Schools throughout the Halton District School Board have been using snowshoes as an effective and unique teaching tool in and outside of the classroom.
This year, all elementary and secondary schools received snowshoes to teach students about several topics including Indigenous science and technology, Geography, and to engage them in outdoor physical activity in the winter months.
Tanya Woods, Instructional Program Leader (Kindergarten - Grade 8 Healthy Living, Safety, Well Being and Outdoor Experiential Education) with the HDSB, says schools had previously been using a limited number of snowshoes but found the demand for them as a teaching tool was high. Through funding from the Ontario Ministry of Education, additional snowshoes were allocated so every HDSB school would have their own set of snowshoes.
“There has always been a huge demand for them, and given the many pandemic restrictions we faced in physical education and the encouragement for teachers to spend more teaching time outdoors, we felt this would be an engaging resource for schools to have to encourage outdoor physical activity and experiential education,” Woods says.
Oodenawi Public School teacher Ally Williamson has been using the snowshoes and says they have provided deep learning opportunities.
“Many families in our community are new to Canada and we are trying to provide them with opportunities to experience outdoor winter activities,” she says, noting other teachers have helped in providing teaching lessons for students. “We are connecting to Social Studies and Indigenous technology and innovation, making connections to the importance of snowshoes in many different First Nations communities. We have used them in Math to connect our learning about the design of snowshoes and their function. For example, students were challenged to calculate the area of a snowshoe and one of their boots to inquire about the purposeful design of the snowshoe.”
Williamson is excited about what students will learn from the snowshoeing activity.
“I hope my students learn an appreciation for what the First Peoples in Canada had to innovate in order to survive in what is now known as Canada. I also want them to see how technologies have innovated over time and the reasons for that. Lastly, I wanted to introduce them to a fun and exciting new opportunity.”
The students explored a snowshoe structure and design, and received a glimpse of the brilliance of Indigenous science and technology.
Kwansema, a Grade 5 student, says: “The snowshoes don’t necessarily keep you above the snow, your foot still sinks down. It just keeps your boot higher. It was probably very difficult for Indigenous peoples who lived in snowy areas to hunt, trade and survive.”

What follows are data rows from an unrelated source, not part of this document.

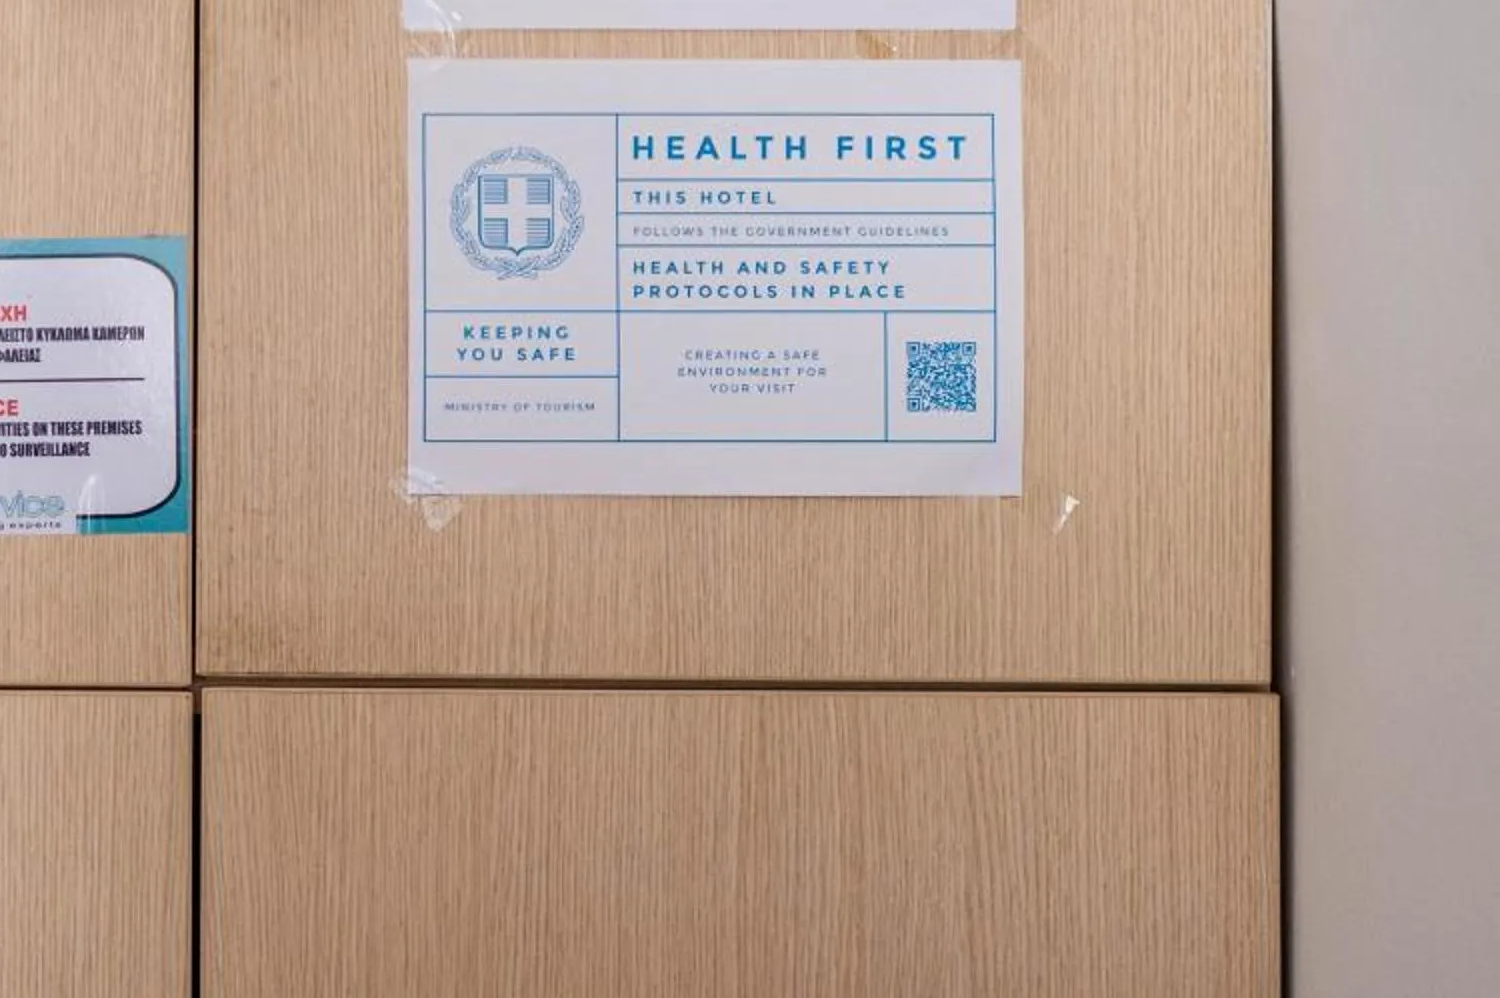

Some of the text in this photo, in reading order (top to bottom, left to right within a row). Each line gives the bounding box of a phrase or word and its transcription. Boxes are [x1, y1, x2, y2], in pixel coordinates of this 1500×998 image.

[632, 135, 967, 160] HEALTH FIRST
[633, 190, 777, 205] THIS HOTEL
[632, 225, 950, 238] FOLLOWS THE GOVERNMENT GUIDELINES
[632, 260, 890, 275] HEALTH AND SAFETY
[632, 284, 905, 299] PROTOCOLS IN PLACE
[463, 325, 569, 340] KEEPING
[456, 347, 577, 362] YOU SAFE
[683, 349, 821, 361] CREATING A SAFE
[677, 367, 827, 378] ENVIRONMENT FOR
[709, 383, 796, 394] YOUR VISIT
[443, 401, 596, 413] MINISTRY OF TOURISM
[32, 421, 48, 436] ON
[50, 420, 84, 436] THESE
[86, 420, 143, 435] PREMISES
[9, 441, 91, 458] SURVEILLANCE

The use of snowshoes has connections to the HDSB’s 2020-2024 Multi-Year Plan
and overall curriculum, Woods says, including the Mental Health & Well-Being area of focus. The snowshoes can create entry points in exploring Indigenous science, technology and innovation that were and continue to be utilized and created by many Indigenous Nations.
“Staff have the opportunity to engage their students in some inquiry work around the origin and use of snowshoes by Indigenous peoples. There are also many cross curricular connections to be made in language, math, history, geography, and health and physical education. The opportunities to make connections are endless.”